BACKGROUND: Integrated behavioral health in a primary care setting is a paradigm shift that requires academic reconfiguration on how health care professionals are educated and trained in the clinical arena. METHOD: An academic university was able to create interprofessional didactic and clinical learning experiences for students within the Schools of Nursing, Social Work, Health Professions-Rehabilitation Counseling Department and Pharmacy resulting in improved models for patient care delivery. RESULTS: Interdisciplinary faculty developed the didactic, clinical and evaluative areas based on the HRSA grant work plan.
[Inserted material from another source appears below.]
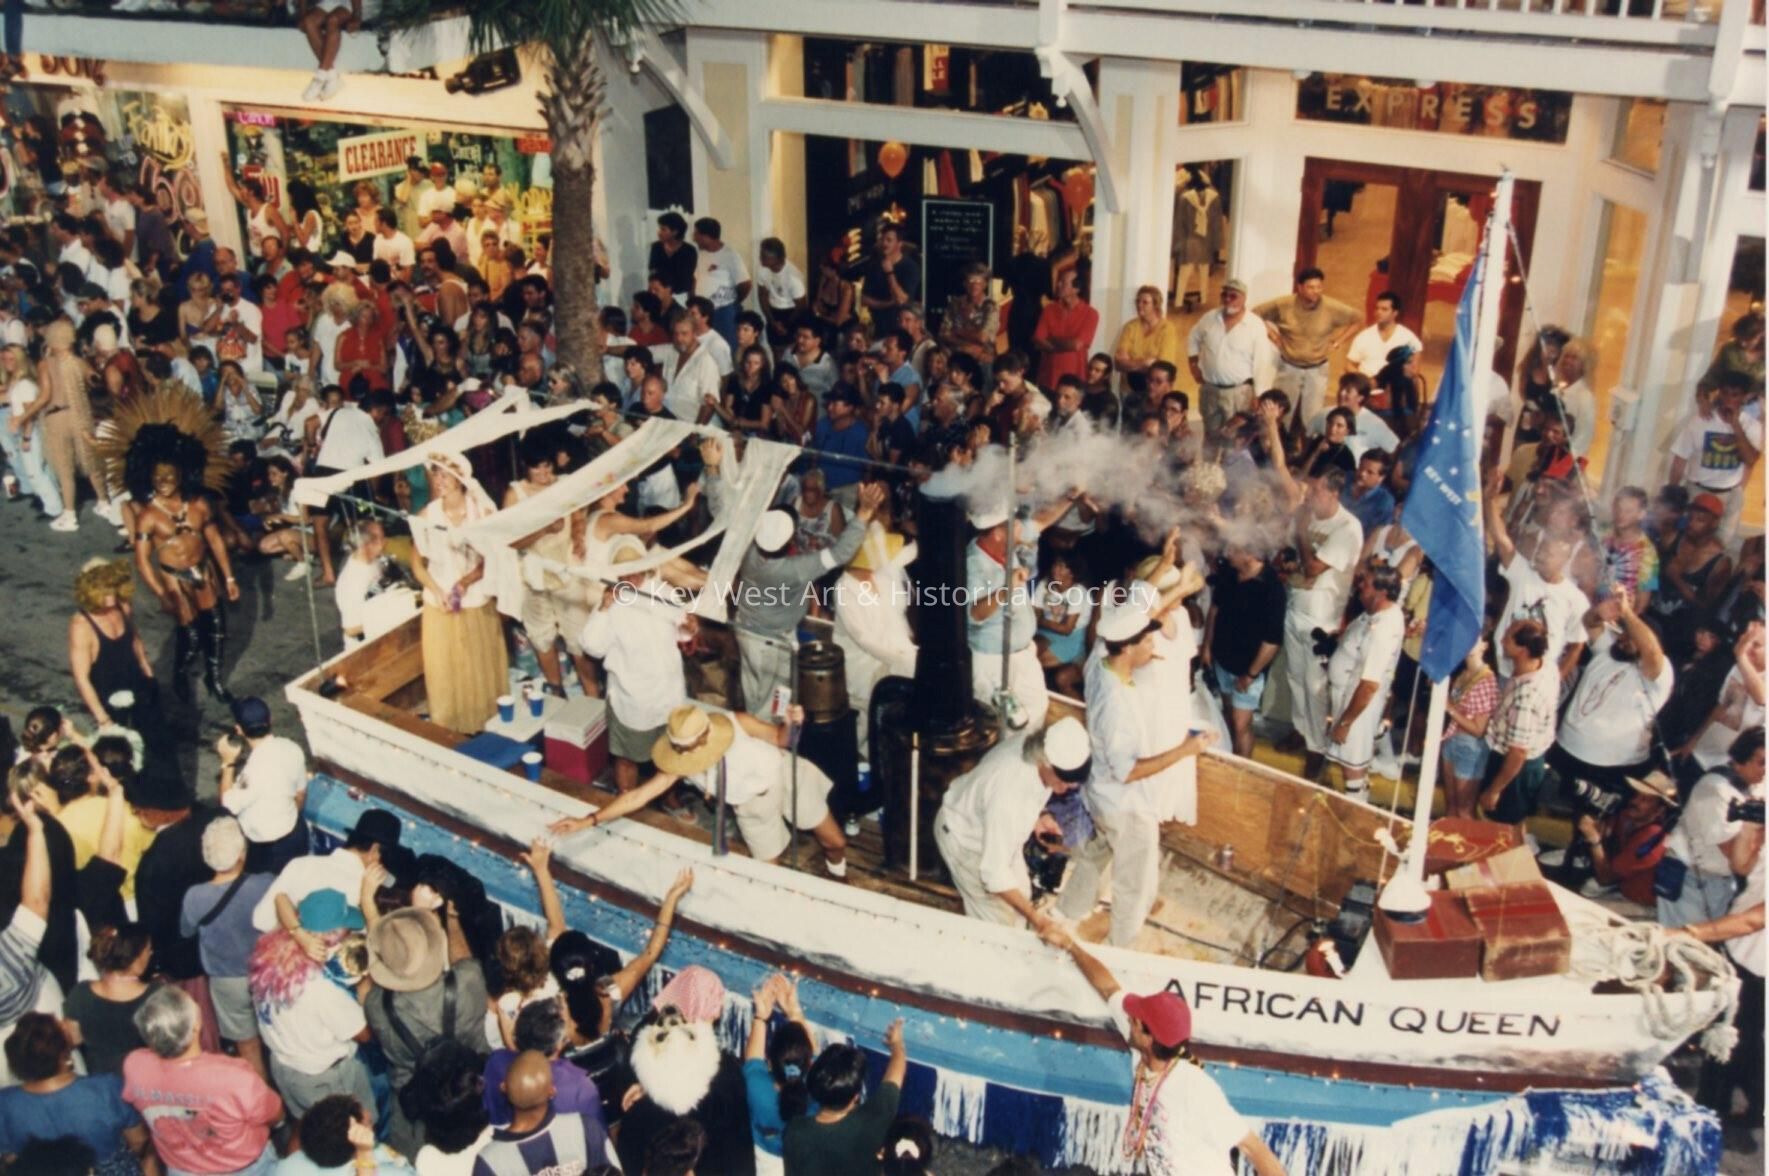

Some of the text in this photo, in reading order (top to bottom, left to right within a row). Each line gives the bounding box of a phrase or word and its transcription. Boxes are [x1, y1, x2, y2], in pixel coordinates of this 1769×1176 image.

[1326, 86, 1537, 129] EXPRESS
[345, 135, 416, 174] CLEARANCE
[1163, 978, 1561, 1037] AFRICAN QUEEN
Deliverables included 18 modules, case studies focused on population health, and team-focused standardized patient experiences to test their behavioral health and psychiatric skills in a primary care setting. CONCLUSIONS: Faculty from the different disciplines were able to collaborate on the deliverables, take the opportunities to engage students and collaborate on scholarly presentations at a national, state and local professional organizations. Academic course for interprofessional practice has been developed and implemented as an outcome of this grant.